Abstract:
A method of making activated alumina includes beginning with a leach liquor of potassium and aluminum sulphates that is subjected to a surface-cooled crystallizer with a heat-exchanger input temperature of 160° F. and a surface-chilled temperature of 60° F. Crystals of aluminum sulphate are precipitated and recrystalized by evaporation in a vacuum and at an elevated temperature. Purified crystals of aluminum sulphate are then dried at 50°-60° C. The dried aluminum sulphate crystals are then dehydrated at 400°-450° C. after a rise rate of 50°-60° C. per minute to drive off most of the water. A roasting and recalcination step at 1000° C.-1050° C. after a rise rate of 50°-60° C. per minute is used drive off the sulphate. The remaining alumina is smelted by electrolysis for aluminum.

Description:
BACKGROUND OF THE INVENTION 
     1. Field of the Invention 
     The invention relates generally to alumina production from aluminum sulphate and specifically to methods for producing high-grade alumina for aluminum smelting by electrolysis applications. 
     2. Description of the Prior Art 
     The principle commercial method used for the electrolytic reduction of alumina to aluminum is the Hall-Heroult process. This traditional process uses a molten bath of sodium cryolite (Na 3  AlF 6 ) that is contained in a cell lined with carbon. A pool of molten aluminum lies at the bottom of the cell and serves as the cell&#39;s cathode. Consumable carbon anodes are dipped down into the electrolyte bath. Alumina is introduced to the bath which dissolves the alumina and aluminum reduction occurs in the form of liquid aluminum droplets. Typical operating temperatures are 950° C. (1,742° F.) to 1,000° C. (1,832° F.). Carbon dioxide is released, from a reaction of the oxygen electrically-forced from the alumina with the carbon in the anodes. As such, the carbon anodes are consumed and must be periodically adjusted and/or replaced. Large amounts of electricity are also required, which makes aluminum recycling a competitive source of aluminum metal. 
     On Jun. 3, 1986, U.S. Pat. No. 4,592,812, was issued to Theodore R. Beck, et al., which describes the electrolytic reduction of alumina. A cell used in the reduction has an electrolyte bath of halide salts. A non-consumable anode is positioned at the bottom of the bath, and a dimensionally-stable cathode coated with titanium diboride is spaced above in the bath. Particles of alumina are introduced to the bath and form ions of aluminum and oxygen. The oxygen ions are converted to gaseous oxygen at the anode when electricity is applied. The gaseous oxygen bubbles at the anode and agitates the bath. The aluminum ions are converted to metallic aluminum at the cathode. The cell temperature is just high enough to keep the metallic aluminum molten, and the liquid aluminum accumulates as a pool on top of sludge at the bottom the bath and the secondary cathode. 
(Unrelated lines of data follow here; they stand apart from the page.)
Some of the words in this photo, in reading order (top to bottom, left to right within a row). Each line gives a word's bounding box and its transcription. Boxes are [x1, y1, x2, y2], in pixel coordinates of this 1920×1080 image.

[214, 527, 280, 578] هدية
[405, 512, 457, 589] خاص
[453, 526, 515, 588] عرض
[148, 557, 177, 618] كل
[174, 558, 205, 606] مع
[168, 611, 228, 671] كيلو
     Theodore R. Beck, et al., were issued U.S. Pat. No. 4,865,701, on Sep. 12, 1989, which describes another electrolytic cell with a bath of halide salts. The anodes and cathodes are vertical plates that are interdigitated and dipped from above into the bath. Bubbling of oxygen at the anodes agitates the bath and resists the settling of alumina particles at the bottom of the bath. Molten aluminum droplets form at the cathodes and flow down to accumulate at the bottom of the bath in a sump. 
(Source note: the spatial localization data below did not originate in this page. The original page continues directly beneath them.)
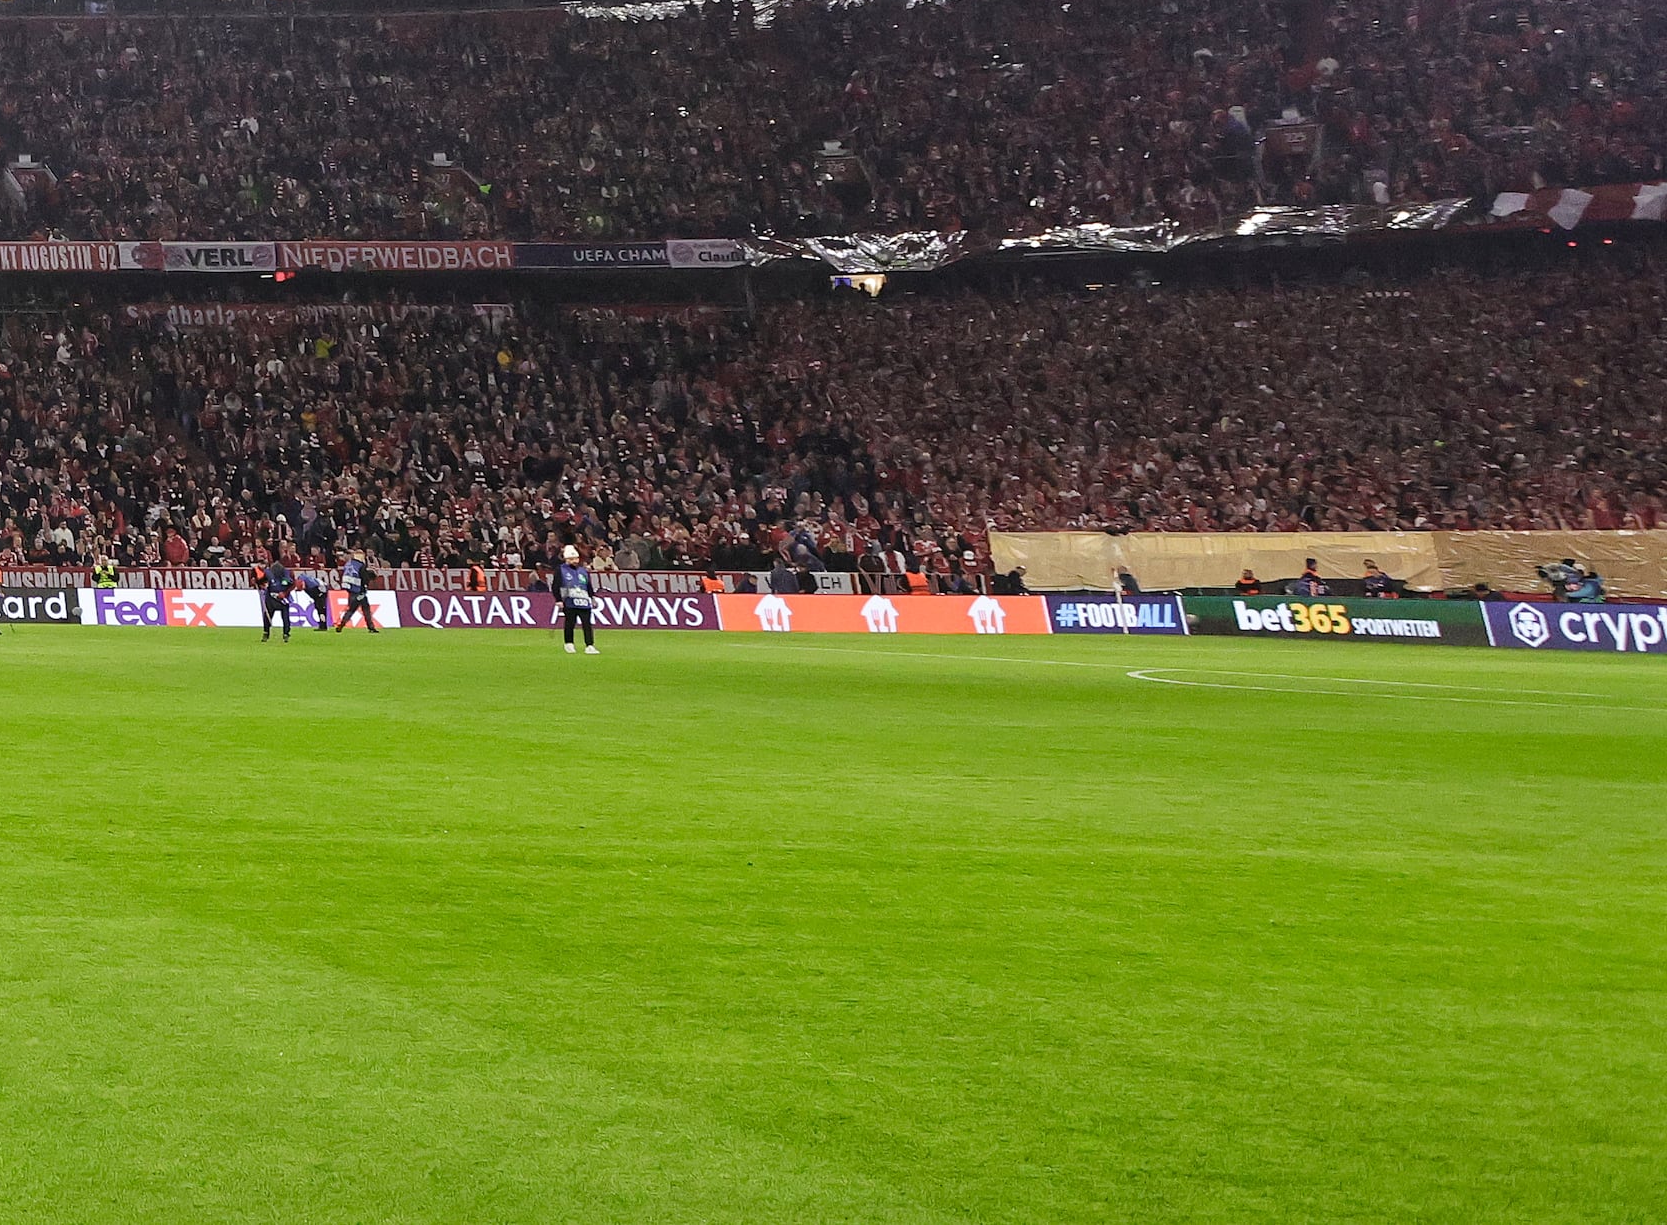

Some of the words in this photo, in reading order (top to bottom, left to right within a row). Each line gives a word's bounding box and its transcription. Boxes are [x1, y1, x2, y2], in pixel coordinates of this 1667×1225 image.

[21, 245, 92, 270] AUGUSTIN
[186, 247, 253, 267] VERL
[281, 244, 511, 270] NIEDERWEIDBACH
[574, 249, 616, 263] UEFA
[150, 569, 252, 589] DAUBORN
[377, 568, 526, 591] TAUBETAL
[95, 589, 217, 625] FedEx
[411, 594, 537, 628] QATAR
[1056, 603, 1177, 630] #FOOTBALL
[1233, 600, 1353, 634] bet365
[1351, 619, 1442, 640] SPORTWETTEN
     The use of finely-divided alumina particles in the electrolytic reduction of alumina to aluminum is described by Theodore R. Beck, et al., in U.S. Pat. No. 5,006,209, issued Apr. 9, 1991. Alternating, vertically-disposed cathodes and anodes are used with a horizontally-disposed gas-bubble generator in a molten electrolyte bath of balanced amounts of NaF+AlF 3  eutectic, KF+AlF 3  eutectic and LiF. The gas-bubble generator keeps the alumina particles in suspension. The bath eutectics allow the cell to be operated at a substantially lower temperature, e.g., 660° C. (1220° F.) to 800° C. (1472° F.). The cathodes are made of titanium diboride (TiB 2 ), a refractory hard metal. The anodes are composed of nickel-iron-copper (Ni--Fe--Cu) cermet. The mean size of the alumina particles introduced to the bath ranges between one micron and one hundred microns, preferably within a range of two to ten microns. The smaller alumina particle sizes are described as being easier to maintain in suspension. But such fine particles are said to have a tendency to agglomerate into clumps which settle out of the bath rapidly. So bottom-located gas generators in the bath are included to deal with this problem. 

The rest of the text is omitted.